4-Methyl-5-(4,4,5,5-tetramethyl-1,3,2-dioxaborolan-2-yl)pyrimidin-2-amine(cas: 944401-55-2) belongs to pyrimidine. The pyrimidine ring system has wide occurrence in nature as substituted and ring fused compounds and derivatives, including the nucleotides cytosine, thymine and uracil, thiamine (vitamin B1) and alloxan. Computed Properties of C11H18BN3O2

Referemce:
Pyrimidine | C4H4N2 – PubChem,
Pyrimidine – Wikipedia

Formula: C6H6BrClN2On October 31, 1989 ,《Studies on pyrimidine derivatives. XLI. Palladium-catalyzed cross-coupling reaction of halopyrimidines with aryl- and vinyltributylstannanes》 appeared in Chemical & Pharmaceutical Bulletin. The author of the article were Kondo, Yoshinori; Watanabe, Ryo; Sakamoto, Takao; Yamanaka, Hiroshi. The article conveys some information:

The arylation of 2-, 4-, and 5-halopyrimidines with aryltributylstannanes in the presence of dichlorobis(triphenylphosphine)palladium was investigated with successful results. The reaction can be expanded to the synthesis of 2-, 4-, and 5-vinylpyrimidines with generality. Thus the reaction of pyrimidine I (R = Cl) with R1SnBu3 (R1 = Ph, 2-thienyl, vinyl) gave I (R = R1). After reading the article, we found that the author used 5-Bromo-4-chloro-2,6-dimethylpyrimidine(cas: 69696-35-1Formula: C6H6BrClN2)
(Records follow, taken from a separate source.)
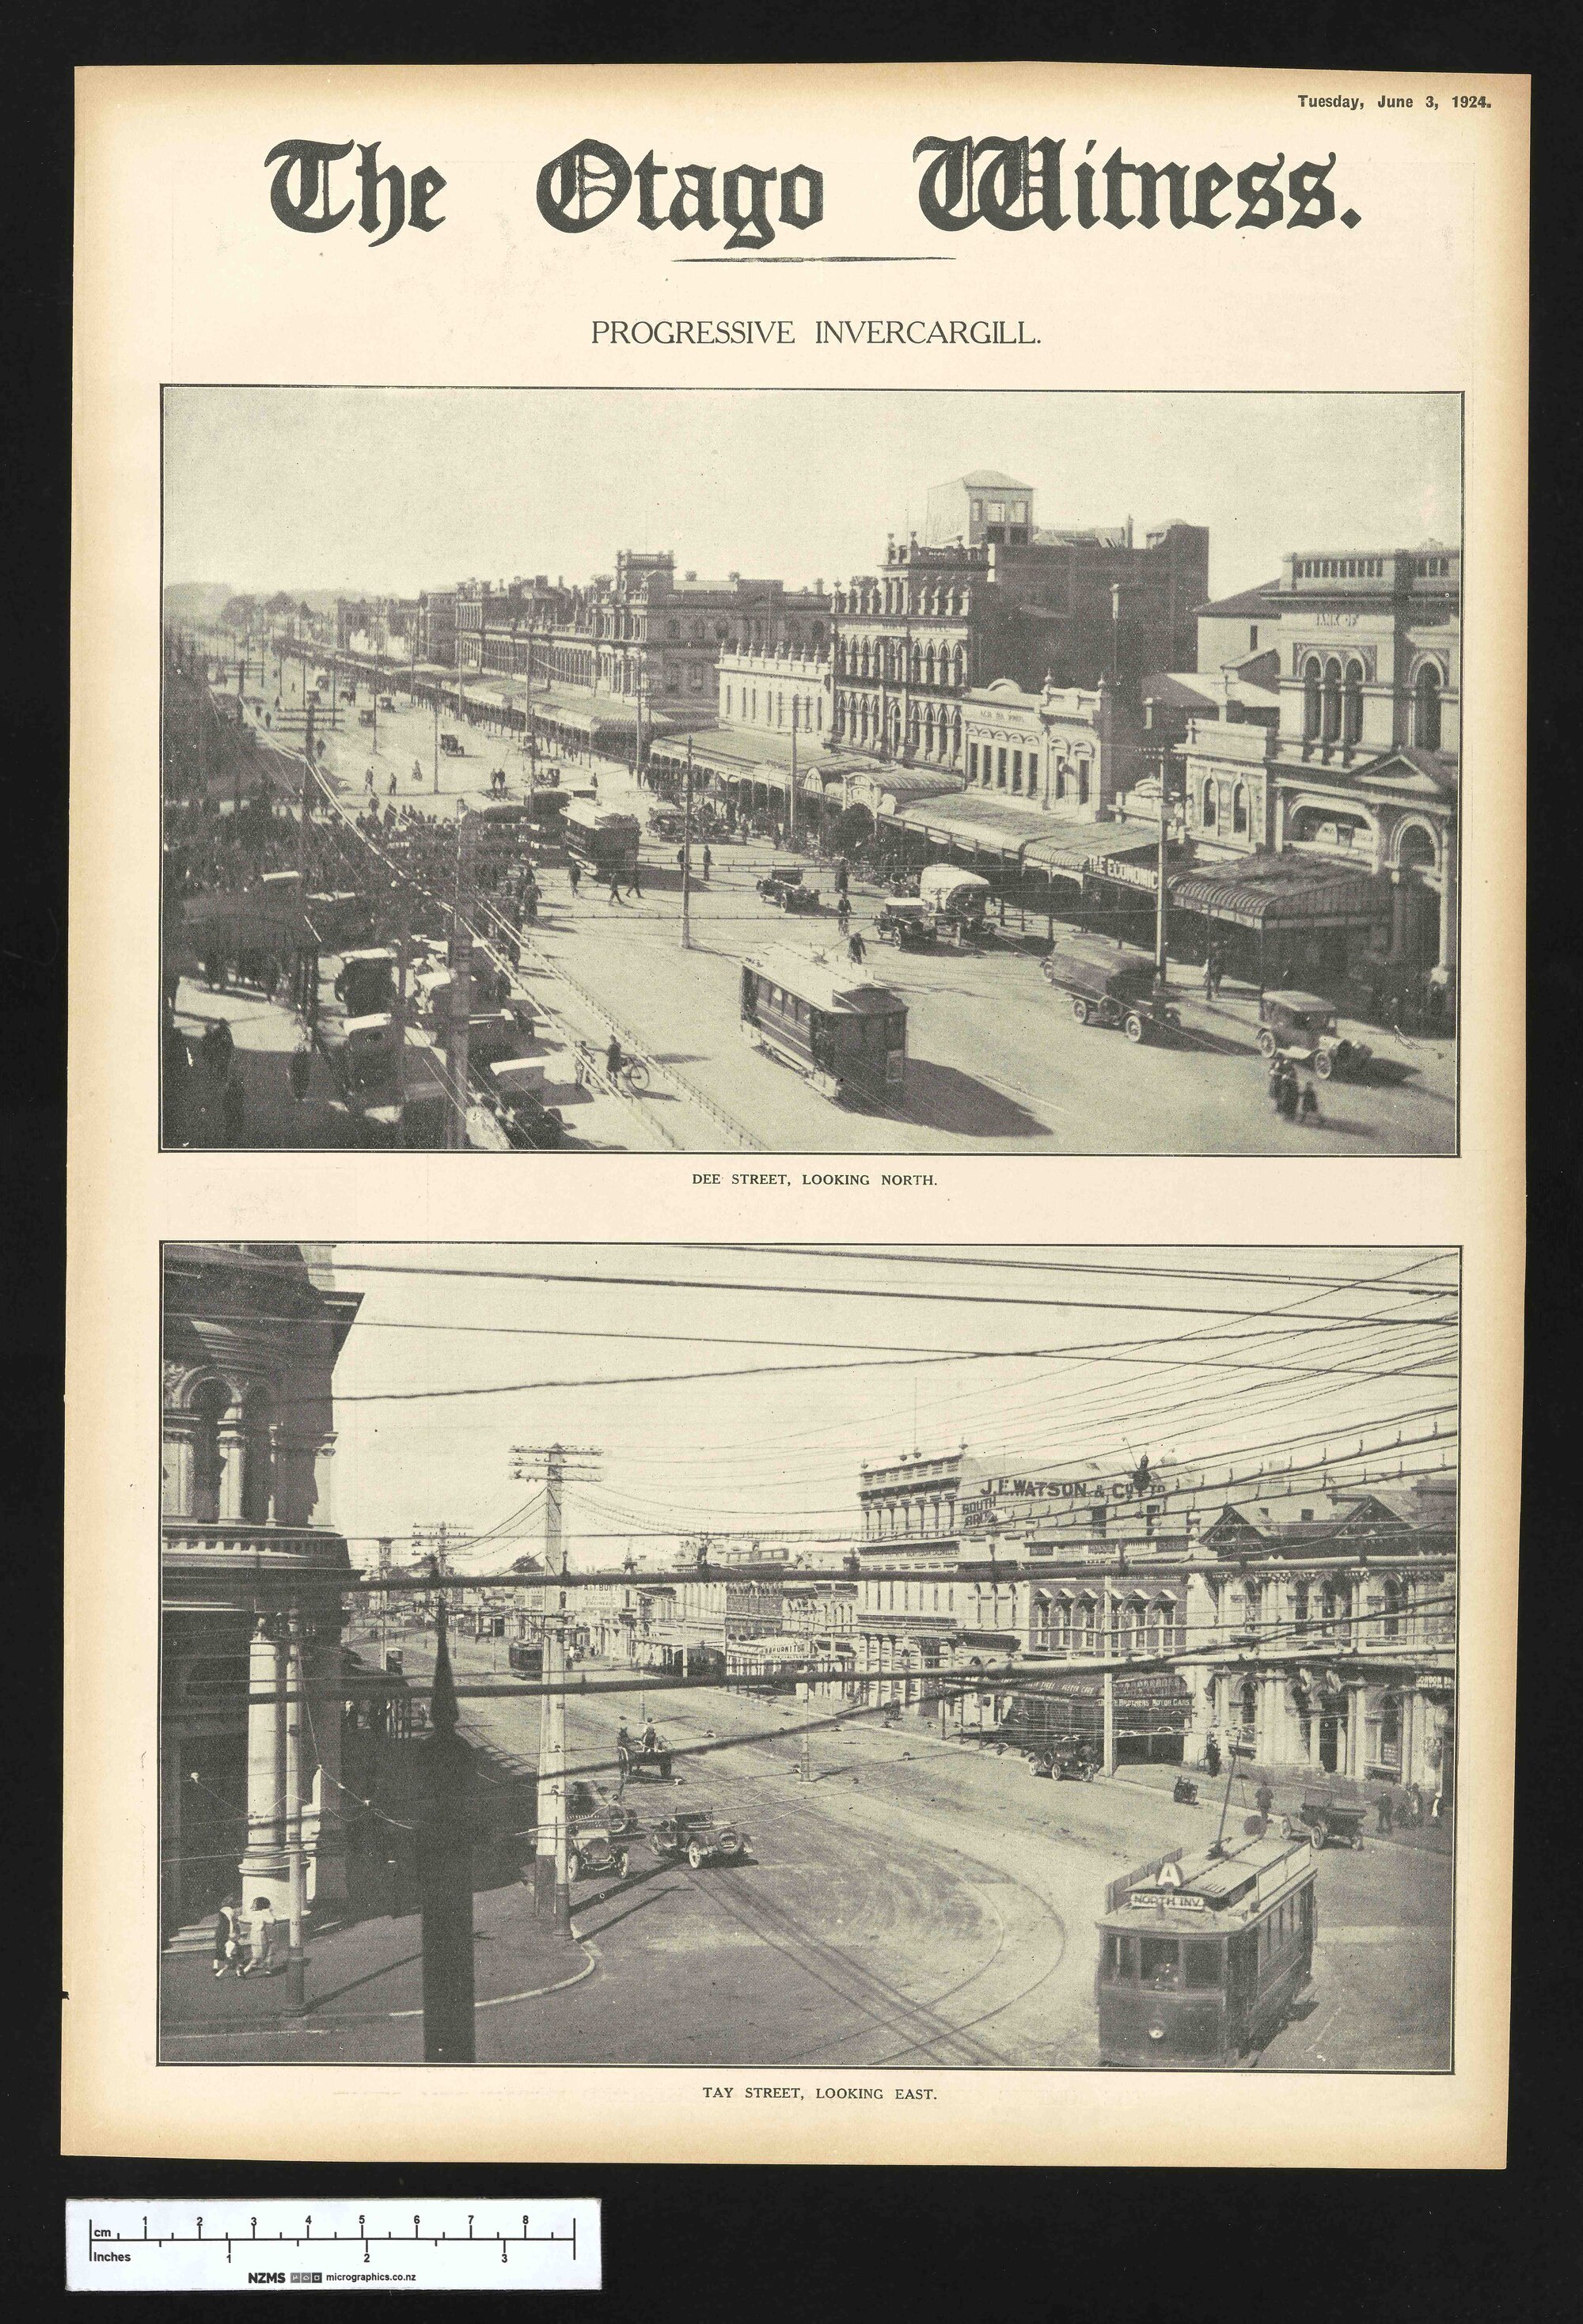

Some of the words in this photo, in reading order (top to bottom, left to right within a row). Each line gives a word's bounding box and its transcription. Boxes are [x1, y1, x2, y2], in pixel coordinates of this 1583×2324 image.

[1297, 94, 1365, 110] Tuesday,
[1377, 95, 1414, 108] June
[1425, 95, 1439, 110] 3,
[1452, 95, 1492, 108] 1924.
[264, 138, 447, 248] The
[536, 138, 824, 250] Otago
[913, 135, 1362, 232] Witness.
[591, 320, 795, 344] PROGRESSIVE
[815, 320, 1041, 344] INVERCARGILL.
[1107, 858, 1158, 889] ECONOMIC
[693, 1173, 721, 1185] DEE
[731, 1173, 791, 1187] STREET,
[802, 1174, 870, 1185] LOOKING
[881, 1174, 937, 1186] NORTH.
[962, 1496, 996, 1515] SOUTH
[773, 1643, 806, 1653] FURNITUR
[1157, 1862, 1181, 1886] A
[702, 2087, 734, 2098] TAY
[745, 2087, 804, 2101] STREET,
[816, 2087, 883, 2099] LOOKING
[895, 2088, 937, 2100] EAST.
[142, 2216, 147, 2225] 1
[196, 2216, 203, 2226] 2
[250, 2216, 257, 2226] 3
[305, 2215, 312, 2224] 4
[359, 2215, 365, 2224] 5
[413, 2215, 420, 2224] 6
[468, 2215, 474, 2224] 7
[522, 2215, 529, 2224] 8
[93, 2229, 112, 2238] cm
[93, 2251, 131, 2262] Inches
[226, 2254, 231, 2263] 1
[363, 2254, 370, 2263] 2
[501, 2254, 508, 2264] 3
[248, 2272, 286, 2284] NZMS
[326, 2273, 416, 2283] micrographics.co.nz
5-Bromo-4-chloro-2,6-dimethylpyrimidine(cas: 69696-35-1) is a member of organic chlorides. Organic chlorides are compounds containing a carbon-chlorine bond, which are widely used in the oil field as a wax dissolver. They are generally not present in crude oils and are typically the result of additives, cleaning solutions or chemicals used for oil recovery.Formula: C6H6BrClN2

Referemce:
Pyrimidine | C4H4N2 – PubChem,
Pyrimidine – Wikipedia

Sutherlin, Daniel P.; Sampath, Deepak; Berry, Megan; Castanedo, Georgette; Chang, Zhigang; Chuckowree, Irina; Dotson, Jenna; Folkes, Adrian; Friedman, Lori; Goldsmith, Richard; Heffron, Tim; Lee, Leslie; Lesnick, John; Lewis, Cristina; Mathieu, Simon; Nonomiya, Jim; Olivero, Alan; Pang, Jodie; Prior, Wei Wei; Salphati, Laurent; Sideris, Steve; Tian, Qingping; Tsui, Vickie; Wan, Nan Chi; Wang, Shumei; Wiesmann, Christian; Wong, Susan; Zhu, Bing-Yan published an article on February 11 ,2010. The article was titled 《Discovery of (Thienopyrimidin-2-yl)aminopyrimidines as Potent, Selective, and Orally Available Pan-PI3-Kinase and Dual Pan-PI3-Kinase/mTOR Inhibitors for the Treatment of Cancer》, and you may find the article in Journal of Medicinal Chemistry.Application In Synthesis of 4-Methyl-5-(4,4,5,5-tetramethyl-1,3,2-dioxaborolan-2-yl)pyrimidin-2-amine The information in the text is summarized as follows:

The PI3K/AKT/mTOR pathway has been shown to play an important role in cancer. Starting with compounds I and 2 (GDC-0941) as templates, (thienopyrimidin-2-yl)aminopyrimidines were discovered as potent inhibitors of PI3K or both PI3K and mTOR. Structural information derived from PI3Kγ-ligand cocrystal structures of I and 2 were used to design inhibitors that maintained potency for PI3K yet improved metabolic stability and oral bioavailability relative to I. The addition of a single Me group to the optimized 5 resulted in 21, which had significantly reduced potency for mTOR. The lead compounds 5 (GNE-493) and 21 (GNE-490) have good pharmacokinetic (PK) parameters, are highly selective, demonstrate knock down of pathway markers in vivo, and are efficacious in xenograft models where the PI3K pathway is deregulated. Both compounds were compared in a PI3Kα mutated MCF7.1 xenograft model and were found to have equivalent efficacy when normalized for exposure. In the experiment, the researchers used many compounds, for example, 4-Methyl-5-(4,4,5,5-tetramethyl-1,3,2-dioxaborolan-2-yl)pyrimidin-2-amine(cas: 944401-55-2Application In Synthesis of 4-Methyl-5-(4,4,5,5-tetramethyl-1,3,2-dioxaborolan-2-yl)pyrimidin-2-amine)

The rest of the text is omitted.